Birkbeck Cinema, Saturday 13th October 2018: 14:00 – 17:00
Free entrance, book your tickets here.

In this session we are delighted to welcome Juan Soto who will present two recent works Parable of the Return (2016) and Too Late For The Cinema (2014). Juan is a London based filmmaker and editor from Colombia whose works poetically explore intersections of memory and history. Following ths screening Juan will be in conversation with Professor Catherine Grant.

Parable of the Return

41min – various video formats – TardeoTemprano Films – 2016

Wilson left home in Medellin (Colombia) on his way to Bogota but he never arrived to his destination. Thirty years later after the peace agreements with the FARC, he returns from his exile in London to meet his family who believe him dead. The plane journey shapes a parable just like the title of the poem by Porfirio Barba Jaco. (https://www.juansoto.co.uk/parable-of-the-return)

Too Late For The Cinema

5 mins, Color, HD – TardeoTemprano Films, 2014

Made at Abbas Kiarostami’s film-seminar under the topic: workers working + water. – International Film Festival, IBAFF 2013 – Murcia, Spain.

This session is organised in collaboration with the Centre for Iberian and Latin American Visual Studies and the Home and Exile Working Group.

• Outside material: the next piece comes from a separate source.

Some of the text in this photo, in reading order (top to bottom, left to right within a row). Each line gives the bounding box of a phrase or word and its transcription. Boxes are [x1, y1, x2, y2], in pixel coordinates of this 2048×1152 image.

Centre for Iberian and Latin American Visual Studies

The Centre offers a unique environment in which to undertake collaborative, cross-disciplinary and comparative research on visual subjects in the Hispanic and Lusophone world, Latin America and the Caribbean. Through the organization of lectures, film screenings, workshops and conferences, the Centre aims to foster and promote innovative debates in the history and theory of visual forms, both in the specific context of the Latin American and Iberian image-world and beyond.

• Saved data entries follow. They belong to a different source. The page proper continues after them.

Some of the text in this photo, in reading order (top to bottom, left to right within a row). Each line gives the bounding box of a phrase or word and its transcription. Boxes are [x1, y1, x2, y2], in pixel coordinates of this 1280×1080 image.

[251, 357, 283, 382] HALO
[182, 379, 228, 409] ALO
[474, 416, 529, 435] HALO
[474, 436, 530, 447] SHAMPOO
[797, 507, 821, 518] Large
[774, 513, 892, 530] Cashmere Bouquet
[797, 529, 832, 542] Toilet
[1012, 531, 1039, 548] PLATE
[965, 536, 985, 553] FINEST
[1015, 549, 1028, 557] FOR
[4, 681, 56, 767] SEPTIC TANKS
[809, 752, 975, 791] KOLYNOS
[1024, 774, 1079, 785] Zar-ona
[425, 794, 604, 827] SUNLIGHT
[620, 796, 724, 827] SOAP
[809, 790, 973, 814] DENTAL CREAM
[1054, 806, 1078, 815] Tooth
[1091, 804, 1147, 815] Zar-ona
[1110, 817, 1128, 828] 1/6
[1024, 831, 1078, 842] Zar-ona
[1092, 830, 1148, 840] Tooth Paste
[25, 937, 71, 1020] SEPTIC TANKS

Home and Exile Working Group

The Home and Exile Working Group tries to think about migration in a different way, as a loss of homeland but also the making of a new home and asks, what makes it possible for people to feel at home in exile and, how can academics intervene in the conversation about immigration in ways that produce new discourses that resist racism through insisting on the right of people to feel at home in the world.